Não é de hoje que se coloca em xeque o potencial conflito de interesses na interação da indústria farmacêutica com profissionais de saúde, especialmente os médicos.
Diferentemente de outros mercados, em que empresas vendem seus produtos diretamente aos consumidores, o mercado farmacêutico destina-se a prover medicamentos a pacientes, mas é o médico quem indica que medicamento comprar, por meio de sua prescrição.
Dessa forma, é preciso ponderar até que ponto quaisquer transferências de valor da indústria para o médico podem caracterizar alguma influência indevida para resultar em aumento de prescrição por parte do profissional em favor da empresa, sem que a razão seja única e exclusivamente a busca do melhor tratamento para o seu paciente.
É importante salientar que, com a criação de novas drogas e com a proliferação de indústrias farmacêuticas – especialmente as fabricantes de medicamentos genéricos e similares –, passou a existir um amplo arsenal de medicamentos à disposição do médico, cujos padrões de eficácia e segurança são muito semelhantes. Assim, sua escolha pode recair sobre diversas alternativas.
As transferências de valor aqui citadas podem ser tanto remuneração por serviços prestados pelo profissional de saúde como também pagamentos de passagens aéreas, diárias de hotel, refeições, registros em congressos, preceptorias (quando o profissional de saúde é encaminhado para uma instituição de saúde, durante um prazo específico, com o propósito de receber um treinamento específico) etc.
Ciente do fato, os Estados Unidos tomaram a liderança de aprovar uma lei em 2010, chamada de Physician Payments Sunshine Act, com o propósito de obrigar as indústrias farmacêuticas a reportar anualmente ao governo norte-americano as transferências de valor a profissionais de saúde e a hospitais-escolas. Essa captura de transferências de valor para profissionais de saúde é também denominada “transparência”.
O objetivo é informar aos cidadãos quanto os profissionais de saúde ou os hospitais-escola que lhe irão prestar serviços receberam de indústrias farmacêuticas, e quais foram elas.
Esse pontapé inicial da legislação dos Estados Unidos foi seguido por outros países, conforme a imagem abaixo:
É importante salientar que boa parte dos países estabeleceu normas de “transparência” não por meio de leis e sim por autorregulamentação. Foi o caso da União Europeia em 2013, quando a European Federation of Pharmaceutical Industries and Associations (EFPIA) lançou o seu Disclosure Code obrigando suas associadas a capturarem os pagamentos a profissionais de saúde, a fim de publicá-los em uma home page específica para tal fim.
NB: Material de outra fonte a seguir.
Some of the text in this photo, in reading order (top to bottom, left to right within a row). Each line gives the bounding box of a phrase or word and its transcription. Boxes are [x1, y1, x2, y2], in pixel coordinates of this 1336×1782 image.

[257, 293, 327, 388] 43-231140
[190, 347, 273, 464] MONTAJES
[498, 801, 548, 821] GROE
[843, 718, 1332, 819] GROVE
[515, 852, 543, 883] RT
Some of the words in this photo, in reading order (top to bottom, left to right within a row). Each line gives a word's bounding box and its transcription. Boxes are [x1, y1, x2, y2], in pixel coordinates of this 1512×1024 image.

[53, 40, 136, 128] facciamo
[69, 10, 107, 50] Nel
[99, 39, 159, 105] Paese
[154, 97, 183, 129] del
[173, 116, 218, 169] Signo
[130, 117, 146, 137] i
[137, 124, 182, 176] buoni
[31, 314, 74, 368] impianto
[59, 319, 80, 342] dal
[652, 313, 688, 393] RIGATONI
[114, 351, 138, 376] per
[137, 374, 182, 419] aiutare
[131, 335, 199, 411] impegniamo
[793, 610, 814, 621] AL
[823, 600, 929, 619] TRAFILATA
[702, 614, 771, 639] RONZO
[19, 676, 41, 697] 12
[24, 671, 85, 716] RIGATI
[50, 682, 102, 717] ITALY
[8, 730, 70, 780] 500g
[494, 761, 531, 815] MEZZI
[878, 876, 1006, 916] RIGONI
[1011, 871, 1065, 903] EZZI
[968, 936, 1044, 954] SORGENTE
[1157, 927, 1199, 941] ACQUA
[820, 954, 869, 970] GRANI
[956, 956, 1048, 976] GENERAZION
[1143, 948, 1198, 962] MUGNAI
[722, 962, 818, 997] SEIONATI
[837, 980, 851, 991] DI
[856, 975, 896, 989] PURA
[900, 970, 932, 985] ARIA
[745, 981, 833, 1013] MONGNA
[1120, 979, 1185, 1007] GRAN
Dessa forma, dos países acima citados, temos aqueles com regras sobre “transparência” baseadas em lei e aqueles com regras baseadas em autorregulamentação:
No Brasil, quem tomou a iniciativa foi Minas Gerais, que aprovou duas leis estaduais determinando a captura de transferências de valor para profissionais de saúde e também em decorrência de patrocínios a eventos científicos, a fim de informar anualmente a Secretaria de Estado de Saúde de Minas Gerais para que a mesma exibisse tais transferências em uma home page específica, visando informar o cidadão sobre potenciais conflitos de interesse:
- Lei de Transparência do Estado de MG – Profissionais de Saúde (Lei 22.440/2016).
- Lei de Transparência do Estado de MG – Patrocínios (Lei 22.921/2018).
Existem ainda quatro projetos de lei (7990/17, 11050/18, 11177/18 e 204/19) tramitando no Congresso Nacional que pretendem estender tal obrigação para todo o Brasil.
Por fim, é bom salientar que os Estados Unidos novamente inovaram em relação ao tema estabelecendo normas para a transparência de preços de medicamentos – tema que será objeto de um novo artigo em breve.